YOGYAKARTA, Suara Muhammadiyah-Cendekiawan Muslim, Prof M Amin Abdullah menilai bahwa Muhammadiyah perlu mengusahakan tajdid baru di abad kedua, meskipun ia tidak mengesampingkan banyak capaian positif yang telah dituai Muhammadiyah sebagaimana kesaksian pengamat seperti Robert Hefner, Greg Barton, hingga Martin van Bruinessen.
Muhammadiyah perlu segera menyadari perubahan dunia yang begitu cepat. “Muhammadiyah dalam 100 tahun itu punya tantangan luar biasa. Tahun 1998 ada reformasi, di tahun 2000-an ada badai Arab Spring (musim semi Arab), dan juga gelombang conservative turn,” tuturnya dalam Pengajian Ramadhan PP Muhammadiyah (17/4/2021).
Menurutnya, era disrupsi atau gegar budaya terjadi sebagai akibat dari revolusi media, Internet of Things, robotisasi. Perubahan ini membentuk dinamika kelompok Islam Indonesia, dan mempengaruhi pola keagamaan. Paling minimal melahirkan fragmentasi otoritas keagamaan.
Dunia internasional telah mulai berbenah, seperti munculnya gerakan pembaruan yang dipelopori Putra Mahkota Mohammed bin Salman di Arab Saudi. Pada 2020, Al-Azhar juga terpanggil mendirikan Markaz al-Azhar li Tajdid al-Fikr al-Islam, yang mengudang para ulama, researcher dari berbagai latar belakang untuk memperbarui pemikiran Islam.
“Al-Azhar baru sekarang menyadari bahwa pembaruan itu perlu, Muhammadiyah sudah menyerukan tajdid seratus tahun yang lalu. Sekarang Muhammadiyah perlu bertanya apa pembaruan ke depan,” ungkap Amin Abdullah, Ketua Majelis Tarjih dan Pengembangan Pemikiran Islam PP Muhammadiyah 1995-2000.
“Ketika pemahaman atau penafsiran keagamaan berada di tengah pusaran perubahan sosial-ekonomi-politik-budaya-teknologi yang dahsyat ia kehilangan daya kesetimbangan (al-tawazun), fleksibilitas (cognitive flexibility) atau elastisitas dan daya lenturnya, maka ia akan akan mudah terjebak dan terseret ke dalam pusaran arus disrupsi.”

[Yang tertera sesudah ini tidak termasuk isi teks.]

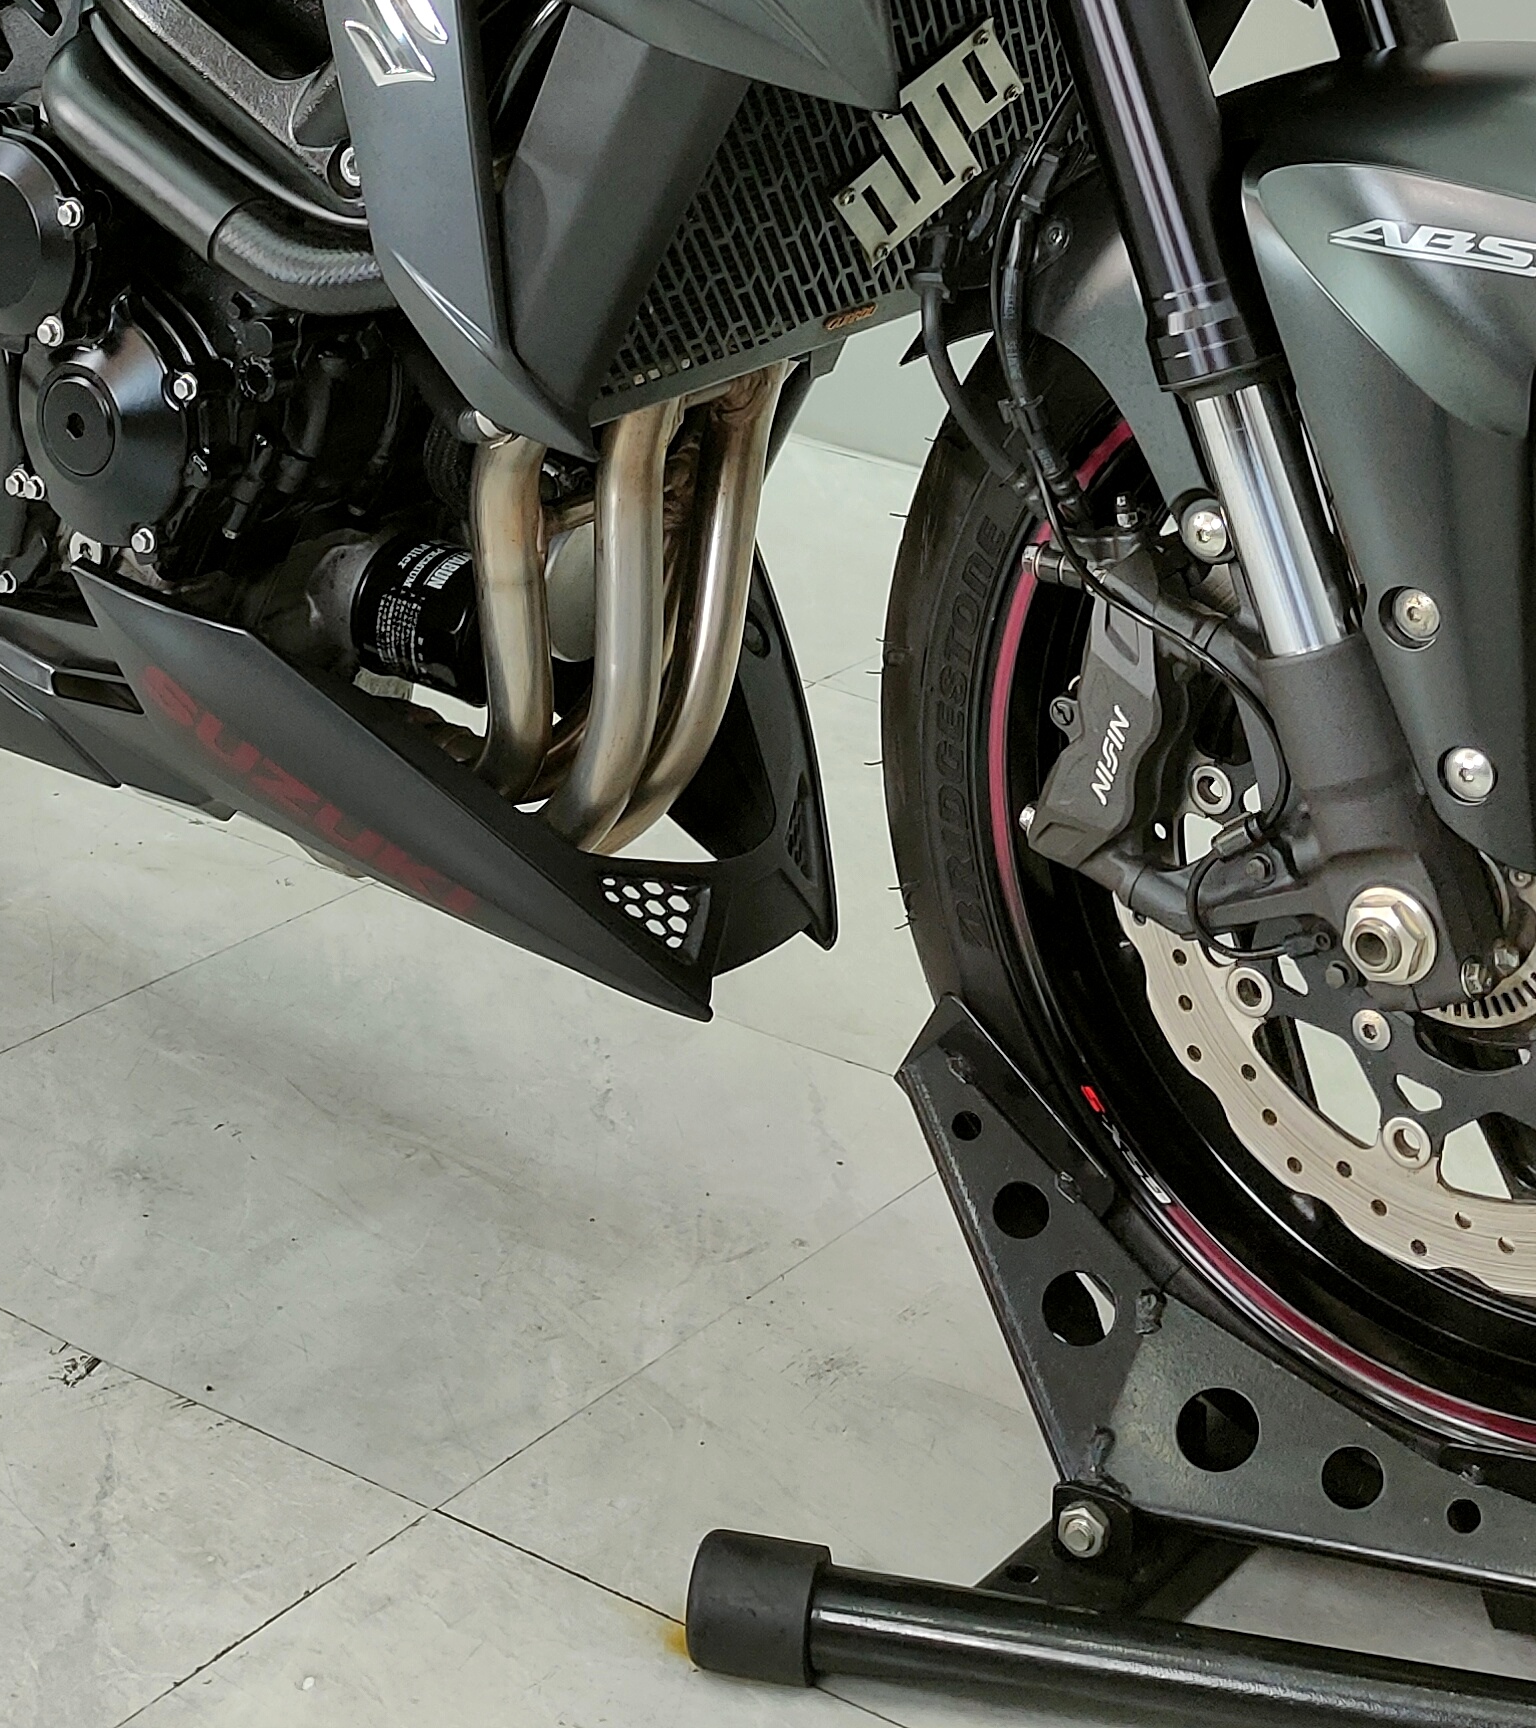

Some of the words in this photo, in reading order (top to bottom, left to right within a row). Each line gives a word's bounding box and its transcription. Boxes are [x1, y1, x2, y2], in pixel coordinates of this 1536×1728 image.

Oleh karena itu, kata Amin, perlu dibedakan antara Islam dan pemikiran atau penafsiran tentang Islam. “Pemikiran Islam itu perlu tajdid.” Menurutnya, ketidakmampuan menjernihkan dan mempertautkan antara ulum al-din, al-fikr al-islami, dan dirasah islamiyah, akan menjadi tantangan tersendiri yang berujung pada kejumudan umat Islam.

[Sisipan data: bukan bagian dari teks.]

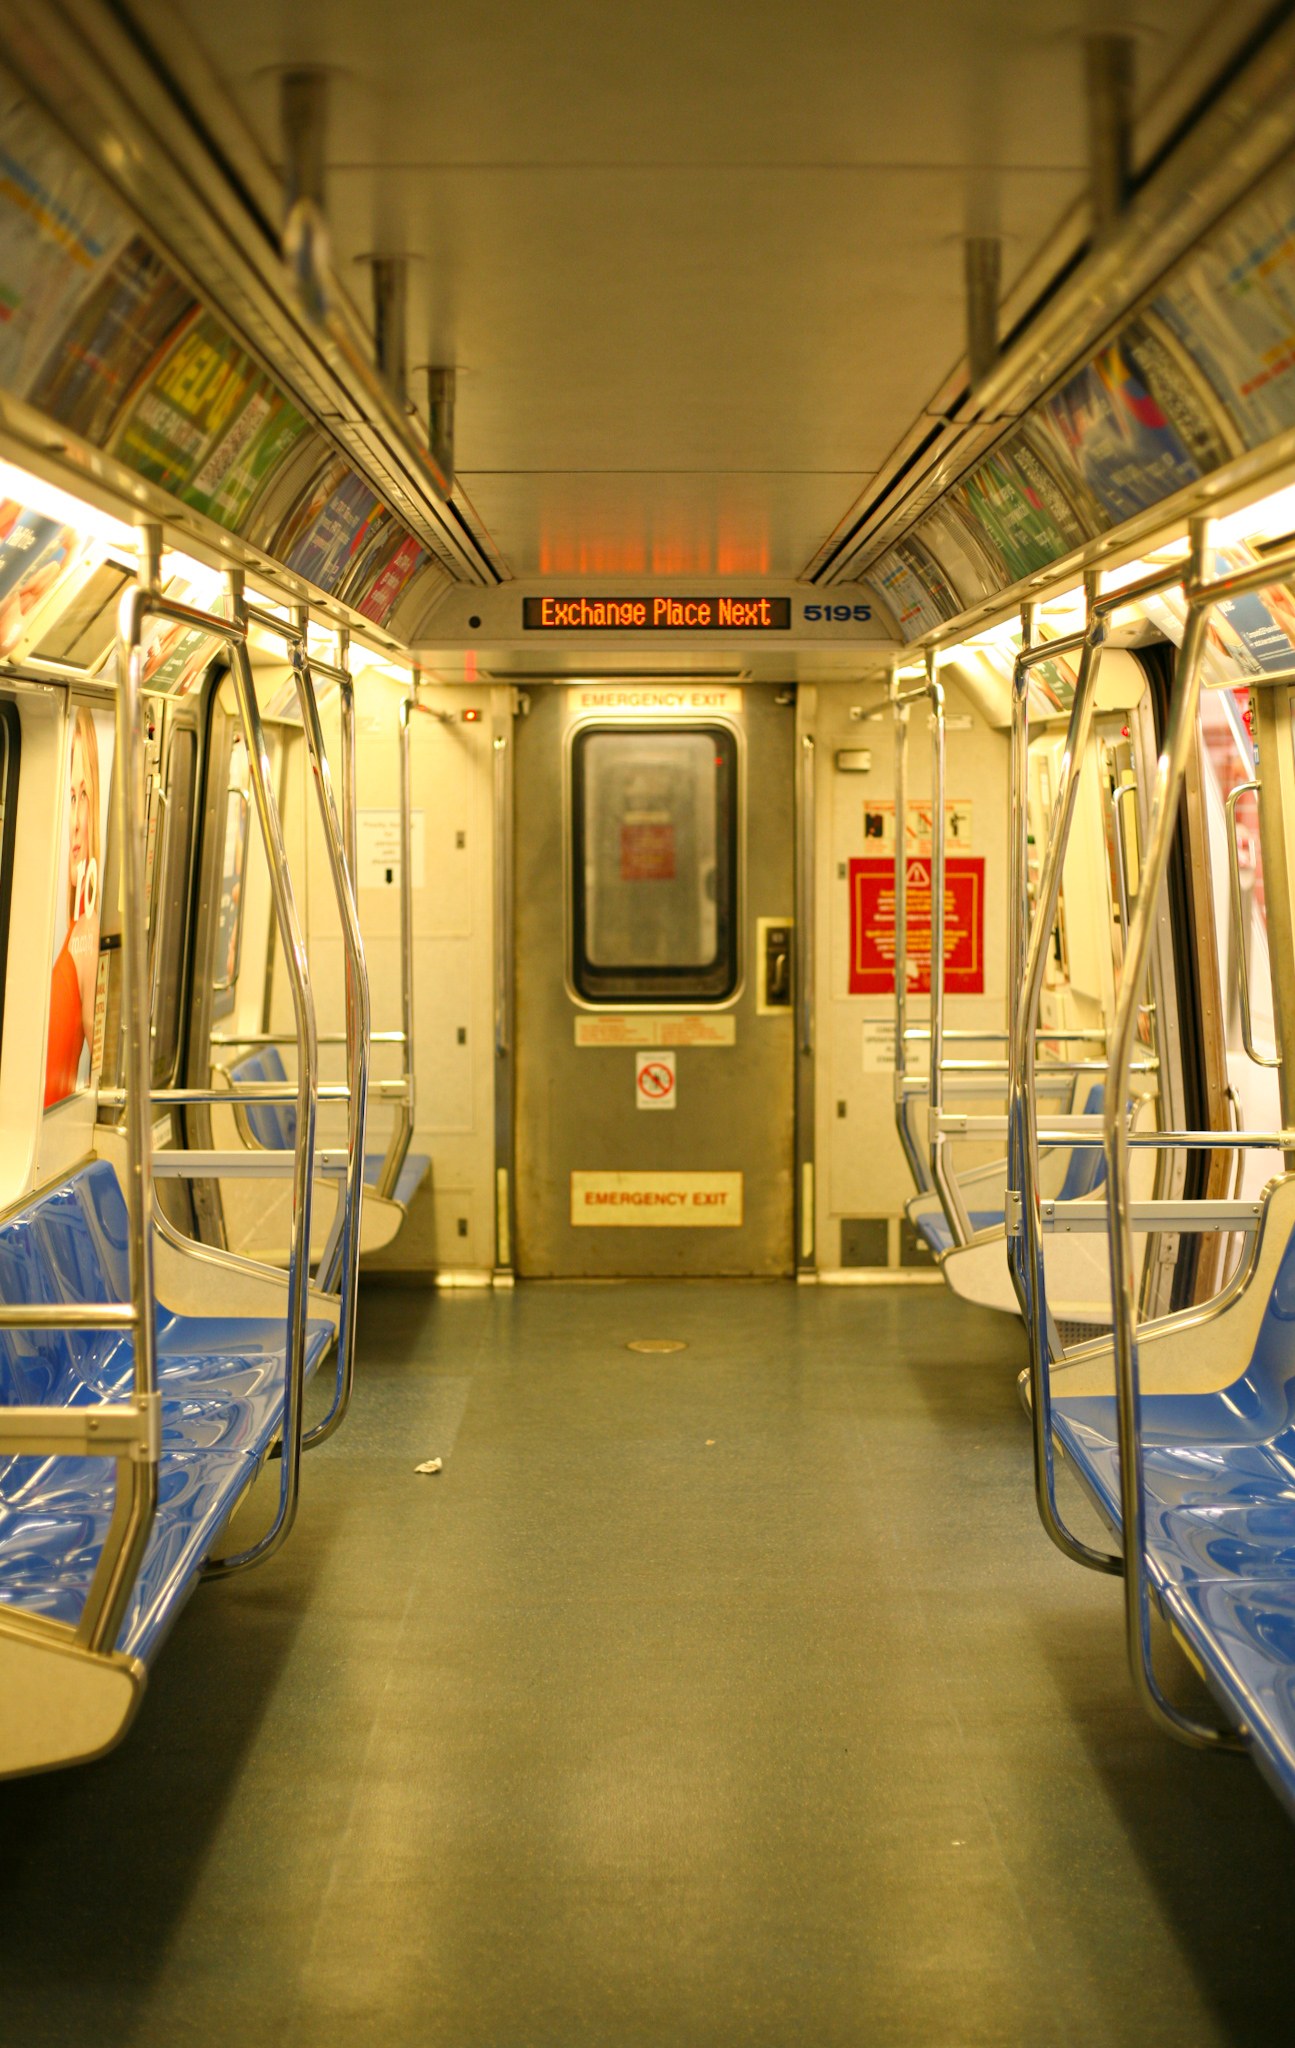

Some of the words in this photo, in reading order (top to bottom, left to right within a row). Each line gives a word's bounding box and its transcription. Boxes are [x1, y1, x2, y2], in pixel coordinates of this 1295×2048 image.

[541, 598, 646, 626] Exchange
[653, 598, 711, 626] Place
[718, 598, 772, 626] Next
[803, 605, 872, 622] 5195
[581, 692, 685, 707] EMERGENCY
[690, 692, 726, 707] EXIT
[584, 1191, 688, 1206] EMERGENCY
[692, 1191, 728, 1206] EXIT

Amin Abdullah mengingatkan Muhammadiyah untuk tidak terlena dengan paham ideologinya, dan perlu terus diperkaya dengan pendekatan yang multidisiplin. Pendekatan dikotomis hanya mengantarkan pola pikir yang mengarah ke lower order of thinking skills (LOTs). Ketika tidak punya kemampuan berpikir kritis, Muhammadiyah mudah terbawa arus. “Infiltrasi-infiltrasi dari luar itu, Muhammadiyah sama sekali tidak imun,” ujarnya.
Muhammadiyah perlu menanamkan jiwa keagamaan generasi baru yang dipandu oleh nilai honesty, diligent, comprehensiveness, reasonableness, dan self restrains. Tanpa nilai-nilai itu, maka akan mudah terjebak pada sikap otoritarianisme keagamaan yang mudah menghakimi. Perubahan era disrupsi tidak bisa disikapi dengan sikap defensif-apologetik, tetapi harus dengan ilmu pengetahuan
Terakhir, Amin Abdullah mengapresiasi langkah-langkah rekonstruksi yang dilakukan di Muhammadiyah, semisal dalam kasus pemaduan visi peradaban: pendidikan dan kesejahteraan. Muhammadiyah telah melakukan berbagai kegiatan volunteerism, menolong kebencanaan alam melalui Lazismu, MDMC, MPM, dan lainnya. Tetapi di sisi lain, Muhammadiyah juga perlu memperhatikan penguatan bisnis dan ekonomi gerakan. Amin melihat bahwa upaya Suara Muhammadiyah mendirikan Logmart, SM Logistik, dan SM Corner menjadi contoh kepeloporan baru bagi gerakan kemandirian ekonomi berjamaah. (ribas)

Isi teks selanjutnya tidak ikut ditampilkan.